Durante anos, os produtores de leite têm lutado com preços baixos e falências. “Este é mais um golpe abaixo”, disse Hartschuh.
Para evitar mais despejos, os grupos de agricultores estão tentando de tudo para encontrar lugares para enviar o excesso de leite – até fazendo lobby em redes de pizza para aumentar a quantidade de queijo em cada fatia.
Mas existem obstáculos logísticos que impedem que os produtos lácteos sejam transferidos ordenadamente de clientes de food service para varejistas.
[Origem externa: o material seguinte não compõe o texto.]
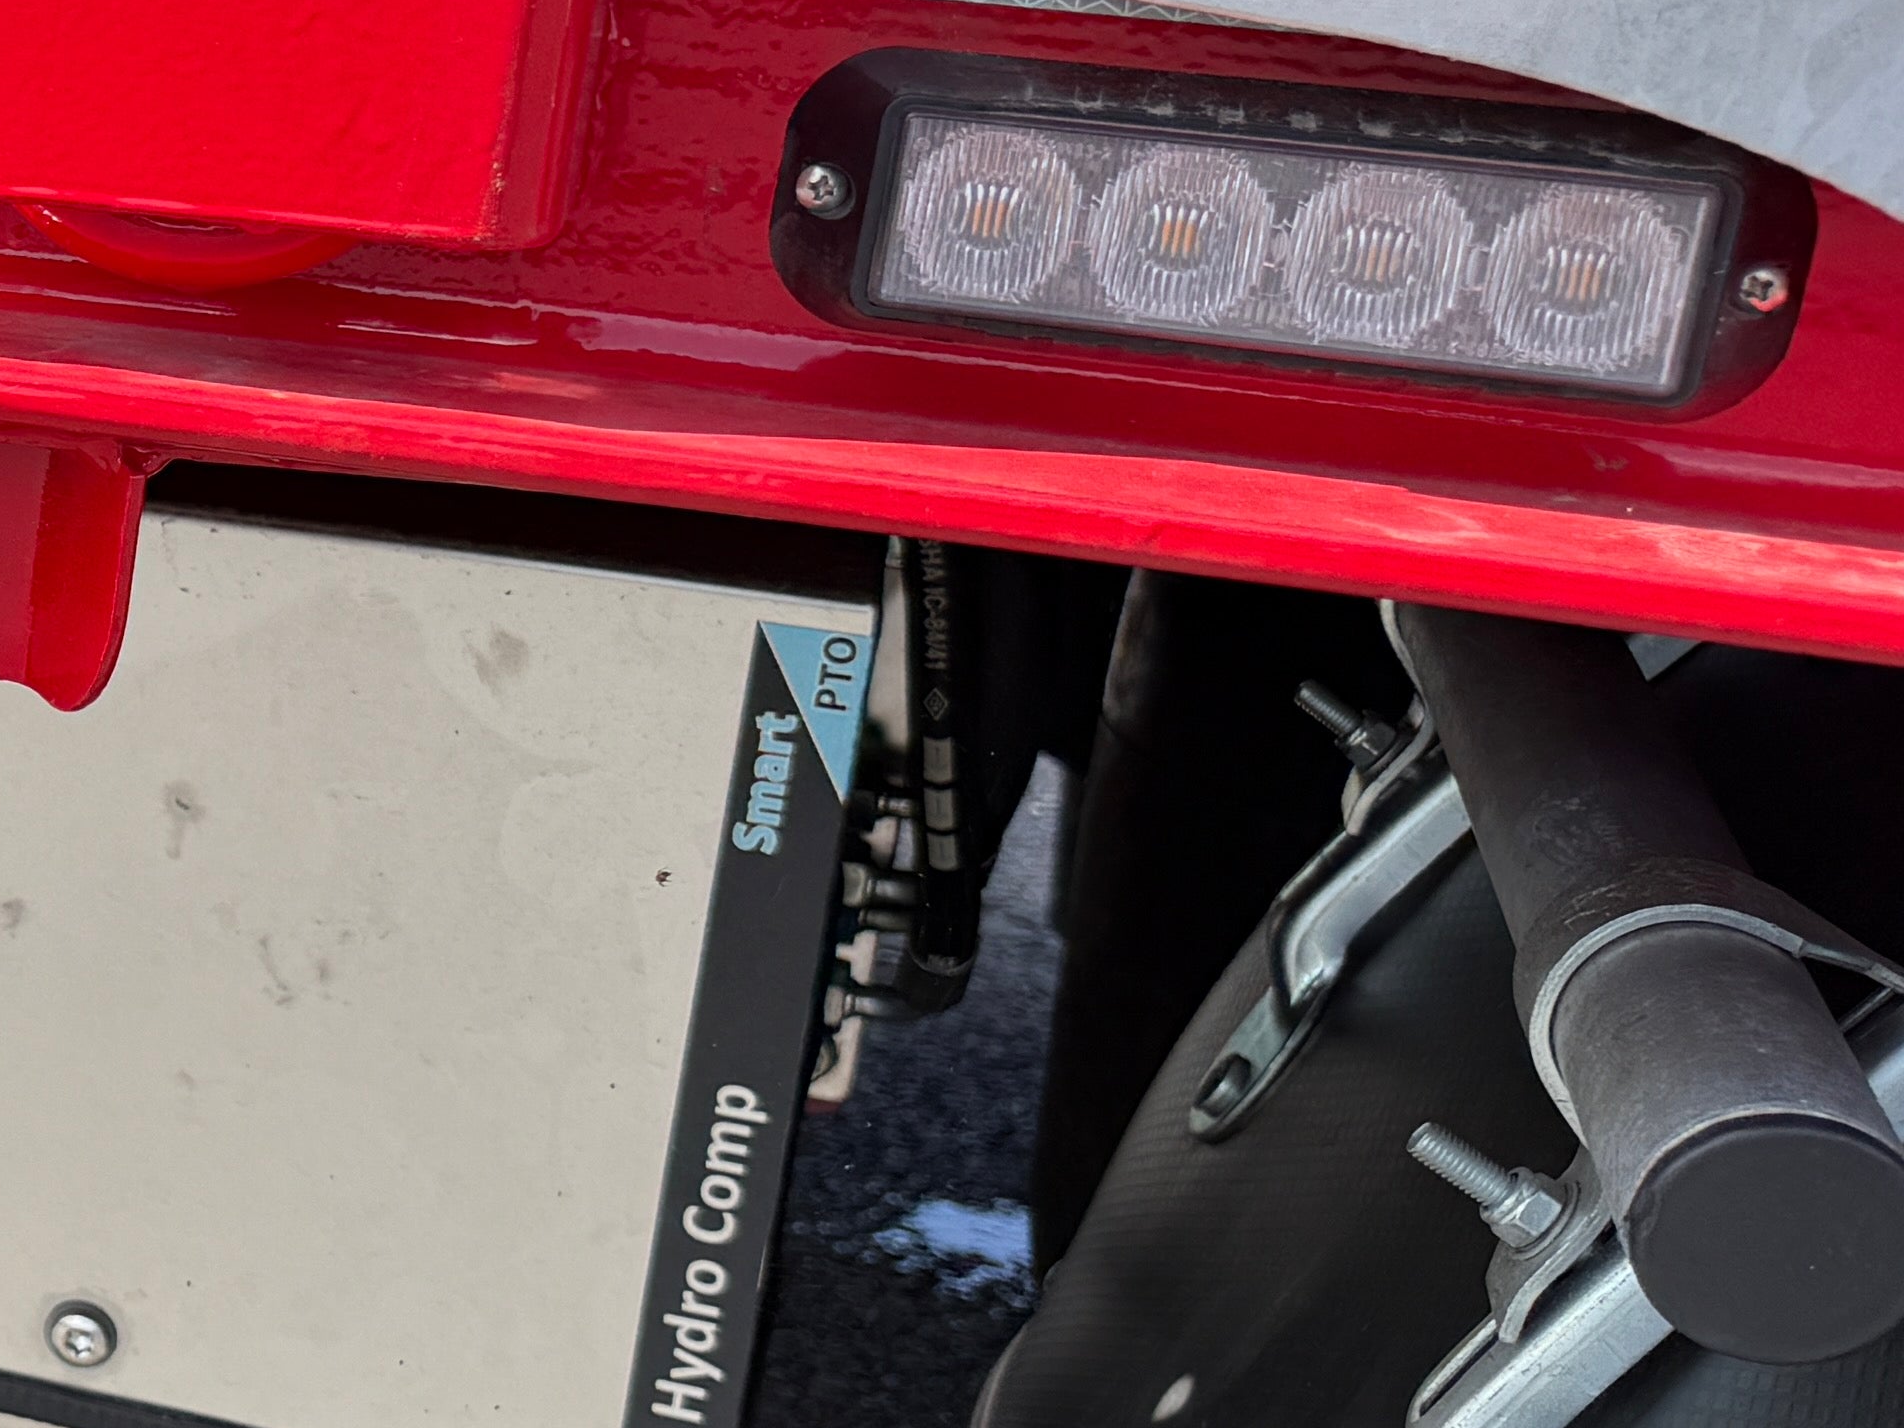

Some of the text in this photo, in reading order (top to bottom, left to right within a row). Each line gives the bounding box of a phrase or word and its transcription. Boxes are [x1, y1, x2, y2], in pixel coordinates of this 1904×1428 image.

[813, 636, 858, 711] PTO
[731, 710, 799, 856] Smart
[651, 1083, 770, 1425] Hydro Comp
Em muitos processadores de laticínios, por exemplo, as máquinas são projetadas para embalar queijo ralado em sacolas grandes para restaurantes ou colocar leite em pequenas caixas de papelão para escolas, em vez de arrumar os produtos em recipientes adequados para o varejo.
Crédito …Joseph Haeberle para o New York Times
Para reaproveitar essas plantas para colocar queijo nas sacolas vendidas em supermercados ou mamadeira em jarros de galão exigiriam milhões de dólares em investimentos. Por enquanto, alguns processadores concluíram que gastar o dinheiro não vale a pena.
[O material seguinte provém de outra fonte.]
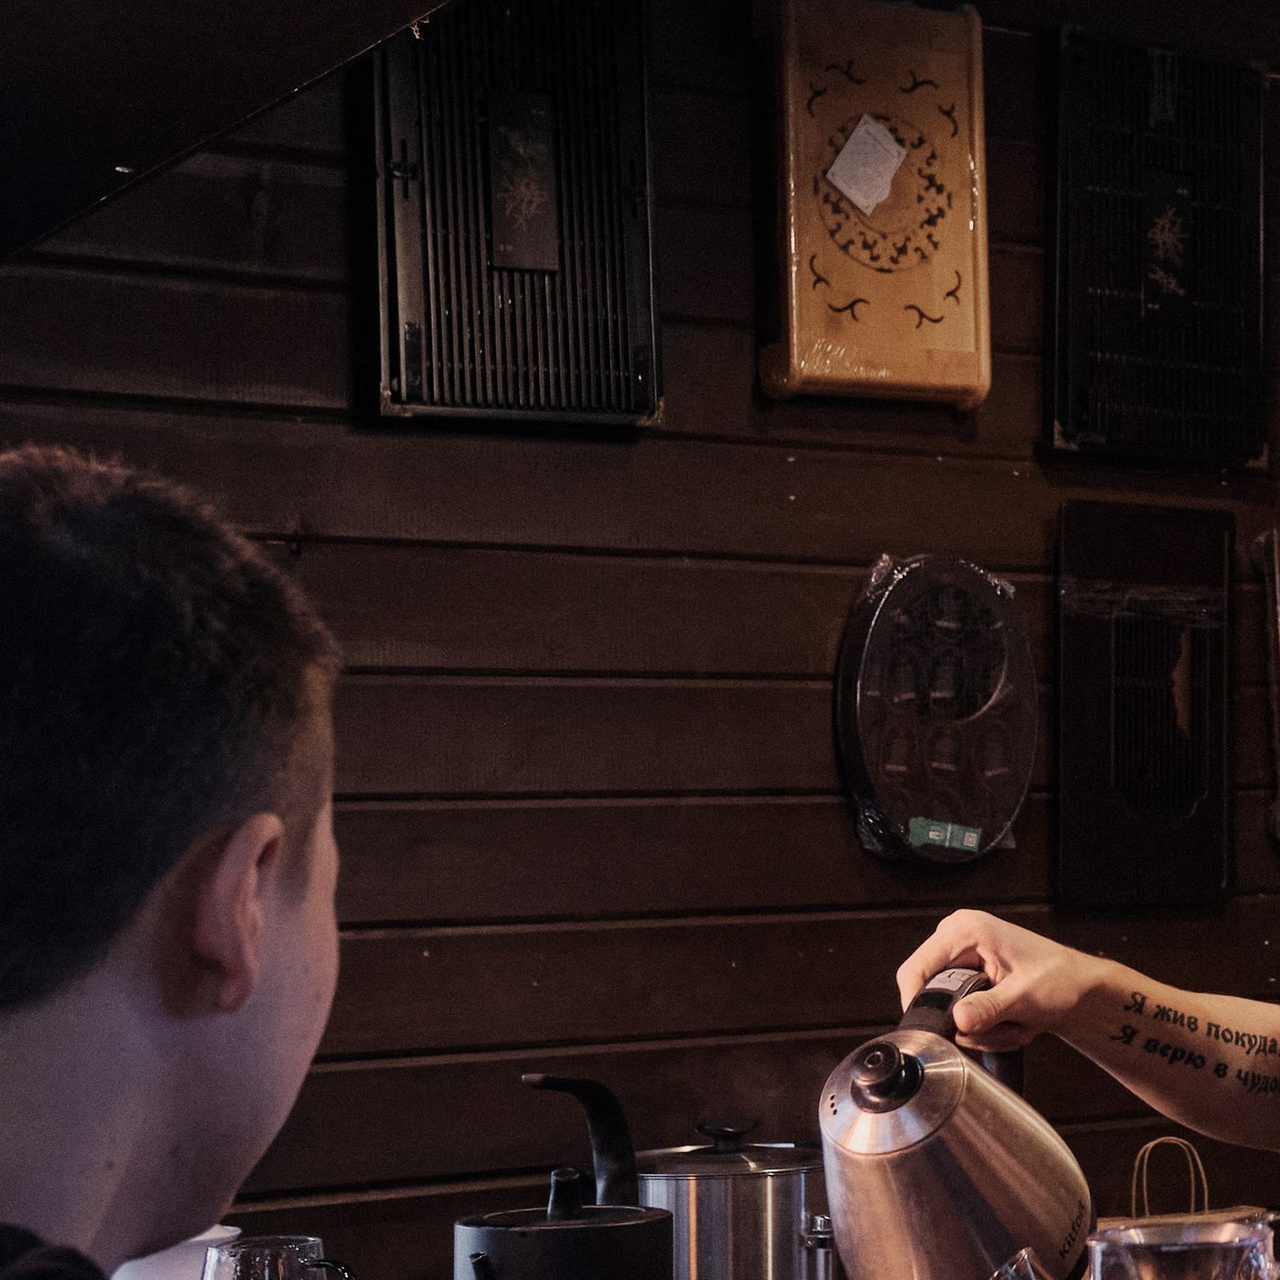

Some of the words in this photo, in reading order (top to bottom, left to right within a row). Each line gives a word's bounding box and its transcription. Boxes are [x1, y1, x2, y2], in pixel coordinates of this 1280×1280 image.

[1123, 991, 1148, 1015] Я
[1153, 1004, 1199, 1033] жив
[1110, 1024, 1139, 1047] Я
[1144, 1037, 1206, 1069] верю
[1214, 1062, 1229, 1079] в
[1059, 1200, 1085, 1259] Kitfort
“Não é como se a demanda por restaurantes desaparecesse para sempre”, disse Matt Gould, analista da indústria de laticínios. “Mesmo que fosse possível reformatar o formato para torná-lo um pacote de 8 onças em vez de uma sacola de 20 libras, os dólares e centavos podem não dar certo”.
Esses mesmos desafios logísticos são as aves domésticas que foram criadas para distribuir frango aos restaurantes e não às lojas. A cada semana, o processador de frango Sanderson Farms destrói 750.000 ovos não chocados, ou 5,5% de sua produção total, enviando-os para uma fábrica de processamento que será transformada em ração animal.
Na semana passada, o presidente-executivo da Sanderson Farms, Joe Sanderson, disse a analistas que os funcionários da empresa chegaram a considerar a eutanásia de galinhas para evitar vendê-las a taxas não lucrativas, embora a empresa finalmente não tenha dado esse passo.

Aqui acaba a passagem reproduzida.